Ренато сидел, прикрыв глаза, и думал. Сознание оставалось ясным все время, давно уже не испытывал такой четкости мыслей. Если он не сошел с ума и все выводы, которые сделал, правдивы, то, вернувшись в Лейвере, он обретет детство и, может быть, сохранит жизни восемнадцати молодым людям. А здесь ему остается год-два до могилы, если не меньше. Своим исчезновением из Лейвере он никого не уничтожил, он исчез один, сам по себе. А здесь… стереть с лица земли и заботливую Денизу, и умницу Микаэлу, и сыновей, — это убийство куда худшее, чем то, что совершил Марк.

С другой стороны… если этот мир выдуман им самим, то со смертью Ренато все перестанут существовать.

Но, может быть, если Ренато просто умрет, приняв естественный порядок вещей, они все останутся. По крайней мере, голос сердца этому не противоречил.

Смирись, говорил старик сам себе. Ты прожил хорошую, длинную жизнь… а хочешь прожить две?


Липы одуряющее пахли, всегда терпеть не мог этот сиропный запах, но иначе к дому от школы не пройти, только аллеей. Или кругом через целый район. Несколько дней — одно и то же, Ренни исправно учился, ничего не происходило, все было как всегда, вполне безоблачная и, наверное, самая скучная часть его прошлого.

А вот этой троицы старшеклассников, с лицами, не обремененными интеллектом, в его прошлом не было. Или забыл?

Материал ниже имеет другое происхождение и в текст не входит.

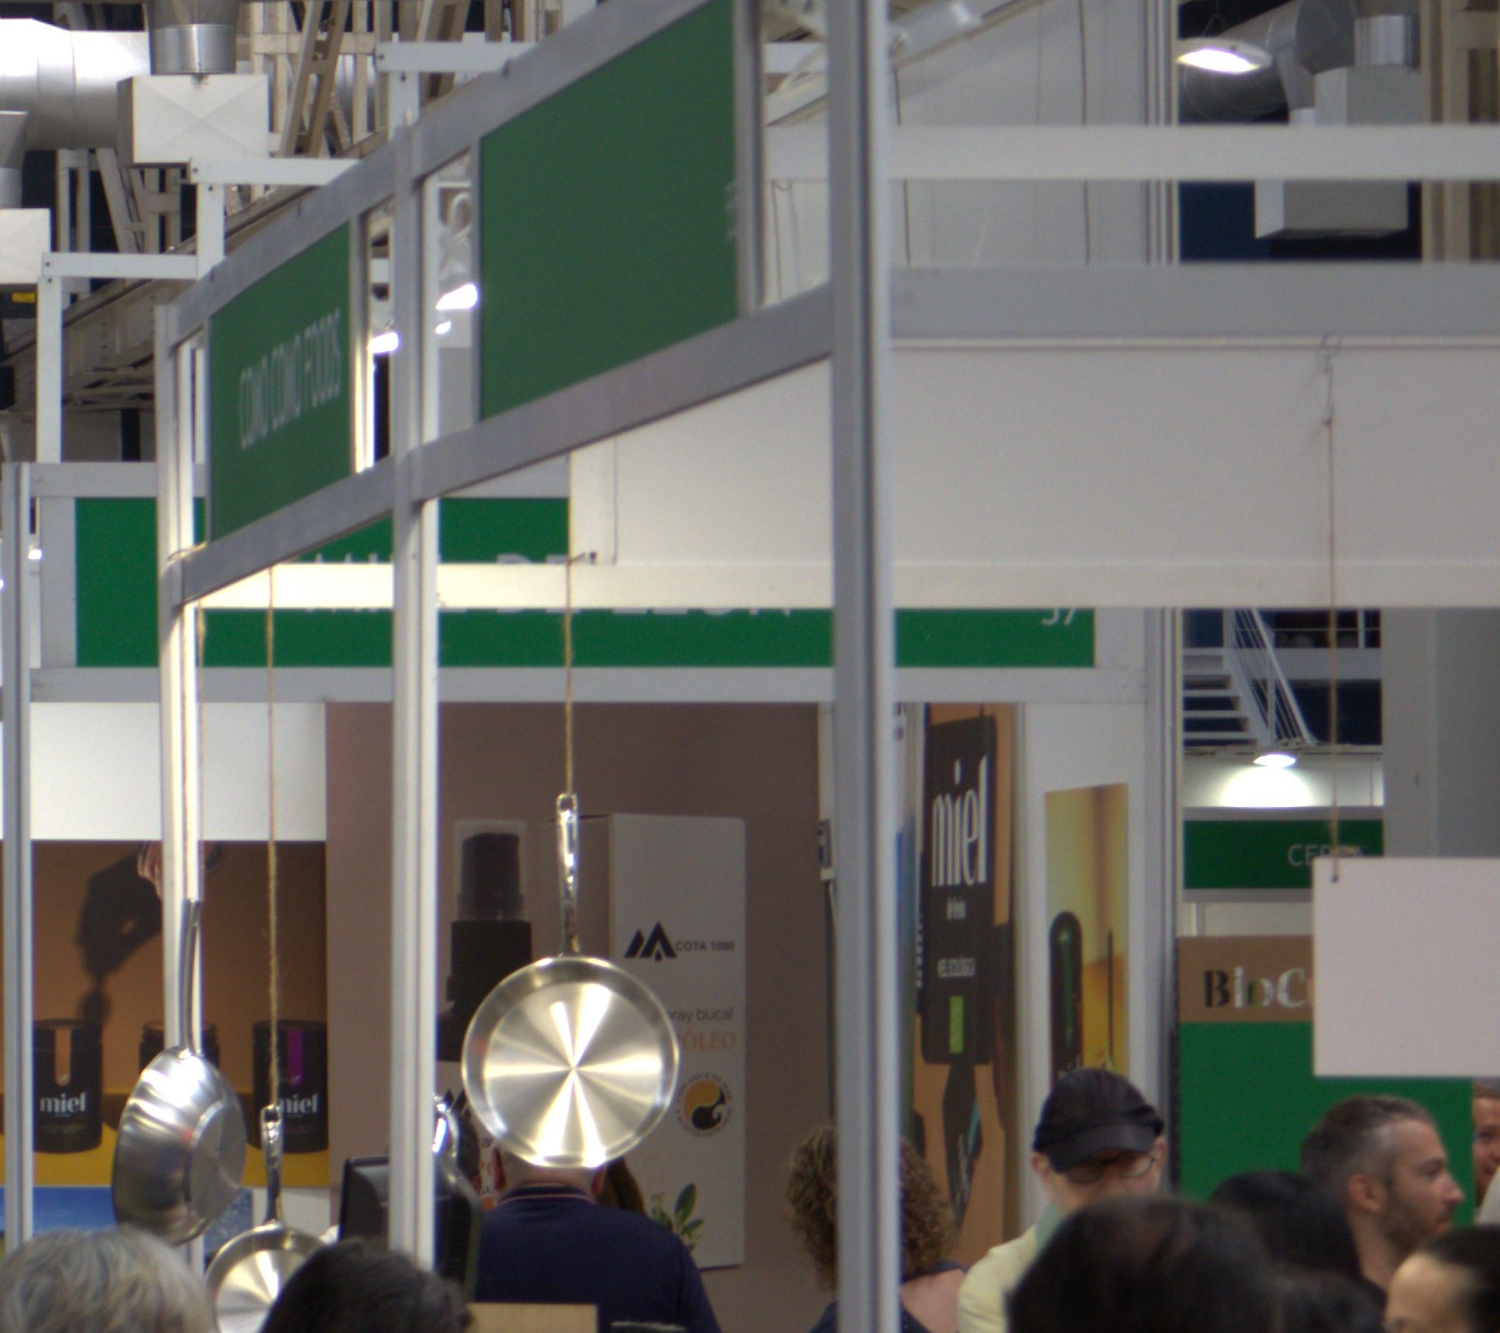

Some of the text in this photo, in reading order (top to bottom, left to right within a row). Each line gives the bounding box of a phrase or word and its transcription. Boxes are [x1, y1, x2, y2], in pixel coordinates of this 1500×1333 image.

[931, 754, 990, 887] miel
[675, 940, 706, 952] COTA
[696, 1007, 734, 1021] bucal
[681, 1028, 737, 1051] ÓLEO
[39, 1092, 88, 1114] miel

В их глазах читалась глубокая неприязнь к домашнему мальчику, наверняка примерному ученику, к его отглаженной рубашке, дорогой спортивной сумке со множеством карманов и молний.

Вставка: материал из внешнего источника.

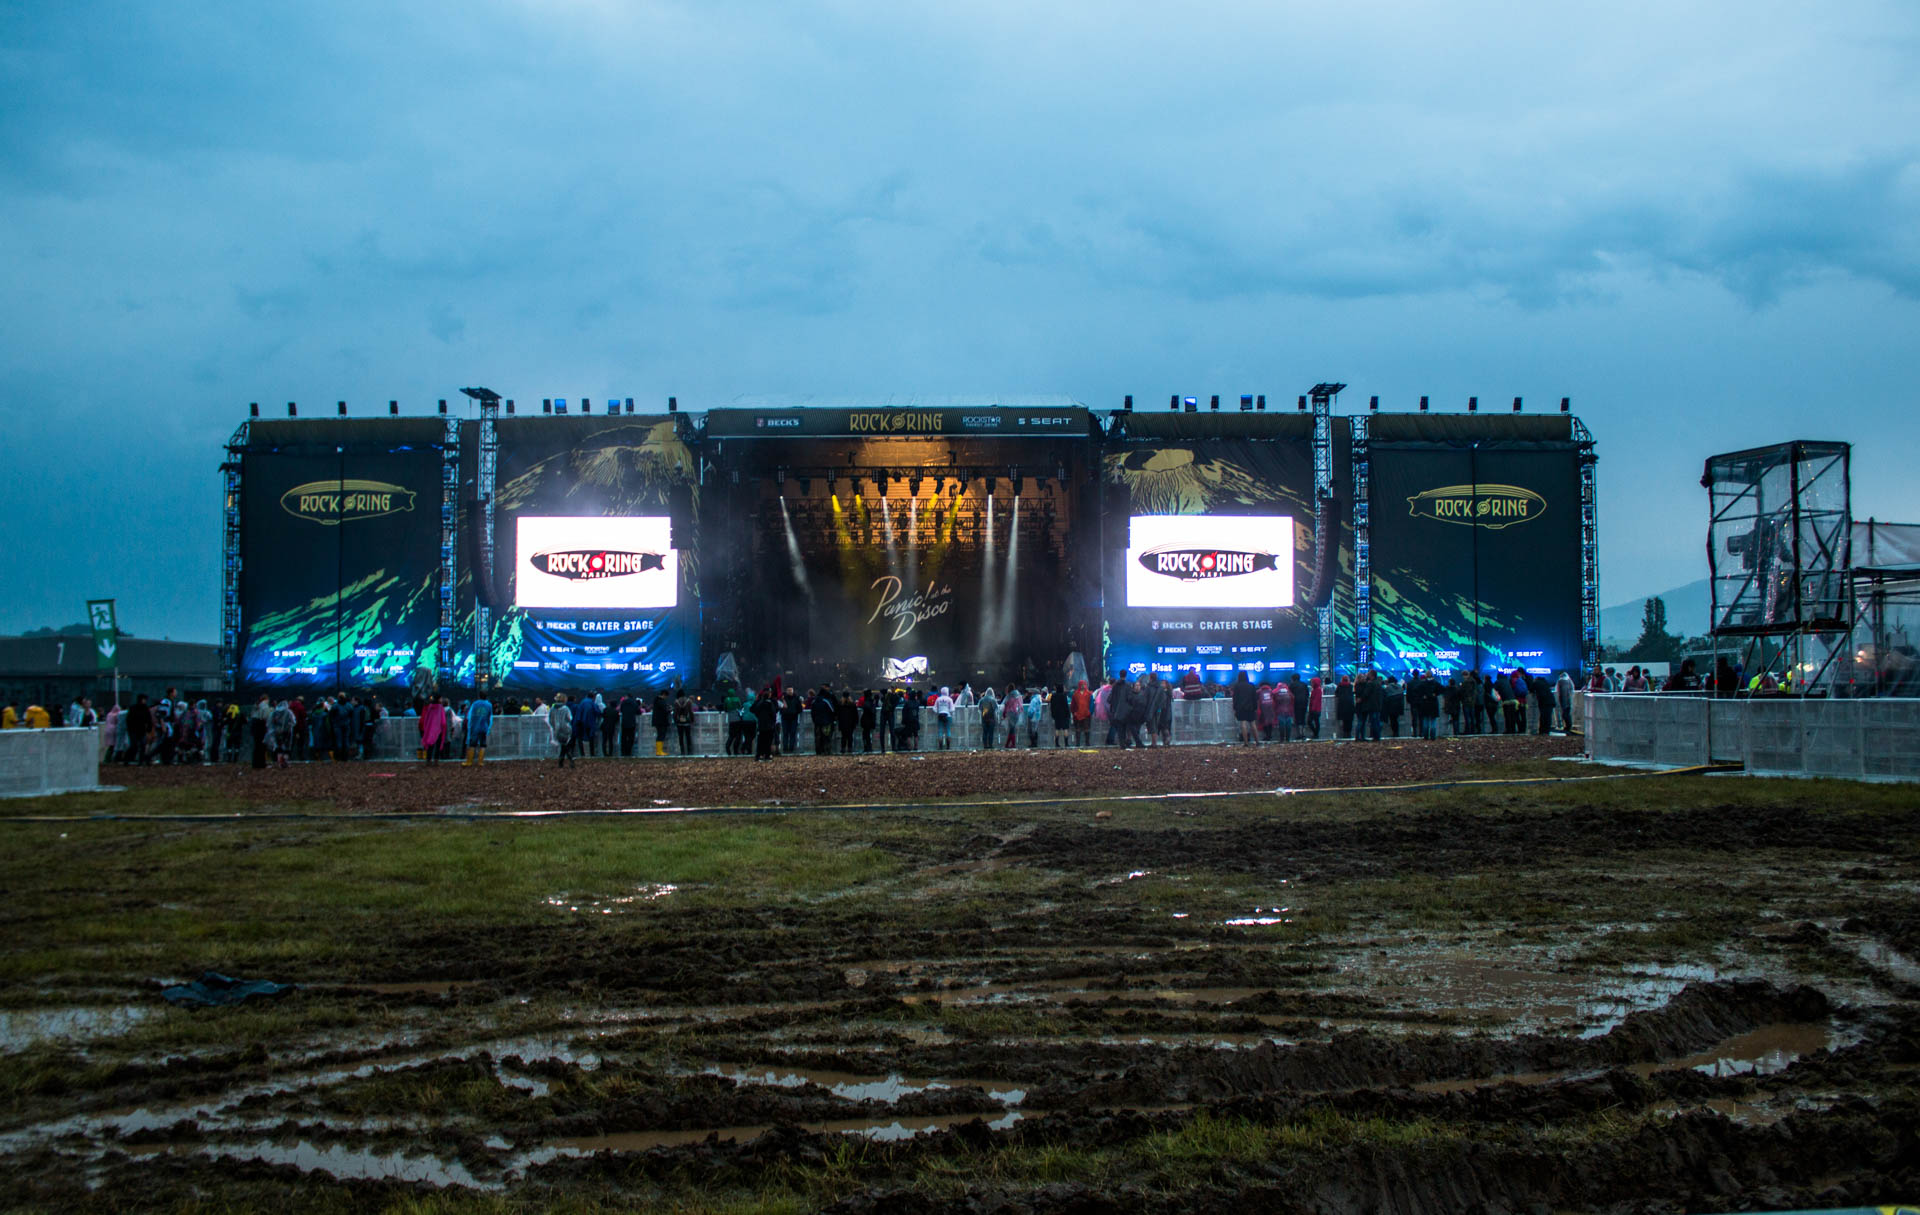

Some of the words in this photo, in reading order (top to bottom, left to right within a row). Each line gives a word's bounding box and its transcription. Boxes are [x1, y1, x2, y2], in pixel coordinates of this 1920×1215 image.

[850, 413, 890, 431] ROCK
[906, 412, 943, 431] RING
[1031, 417, 1072, 425] SEAT
[300, 495, 340, 512] ROCK
[357, 494, 391, 511] RING
[1435, 499, 1473, 517] ROCK
[1492, 499, 1528, 516] RING
[548, 553, 590, 572] ROCK
[604, 553, 643, 572] RING
[1158, 553, 1200, 572] ROCK
[1216, 553, 1255, 572] RING
[867, 575, 935, 625] Panic!
[582, 621, 620, 631] CRATER
[623, 621, 654, 631] STAGE
[891, 600, 949, 641] Disco
[1199, 621, 1239, 630] CRATER
[1242, 620, 1273, 630] STAGE

Ренни против них казался белобрысым клопиком — и, увидев себя их глазами, успокоился; страх, едва начав прорастать в мальчике, увял.

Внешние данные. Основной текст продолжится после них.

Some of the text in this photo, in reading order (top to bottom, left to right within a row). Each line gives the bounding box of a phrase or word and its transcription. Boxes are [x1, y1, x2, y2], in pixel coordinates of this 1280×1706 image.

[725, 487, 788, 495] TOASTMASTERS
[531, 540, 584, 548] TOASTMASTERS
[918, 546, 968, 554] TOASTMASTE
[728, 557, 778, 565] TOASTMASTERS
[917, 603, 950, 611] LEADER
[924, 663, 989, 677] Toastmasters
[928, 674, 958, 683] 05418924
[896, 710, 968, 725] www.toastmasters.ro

— Эй, сопля, чего вцепился в сумку, давай ее сюда! — чужие пальцы сомкнулись на ремне.

Ренни посмотрел на него слегка растерянно. Он по-прежнему не боялся, но при мысли о том, что его могут сейчас макнуть мордой в пыль, словно какого-то забитого заморыша в душе поднялось негодование. Это что, всерьез? Это с ним так?

— Не советую связываться, — ровно сказал мальчик, глядя не на подростков, а на держащую ремень руку.

— Ха, нам что угрожают? — развеселился стоящий ближе к Ренни. — Ты нас сейчас побьешь, да?

Драться, да еще на улице… бред какой. Мальчик представил это — и стало тошно. И рубашку порвут, а она новая.

— Ну, мы ждем, чего замолчал?

— Что вы от меня хотите-то? — спросил, понимая, как жалко звучит. И, как назло, все навыки прошлого исчезли — сейчас он был полностью ребенком.

— Сумку же! — развеселился предводитель троицы дебилов. — И еще что-нибудь сверх того, за терпеливое ожидание!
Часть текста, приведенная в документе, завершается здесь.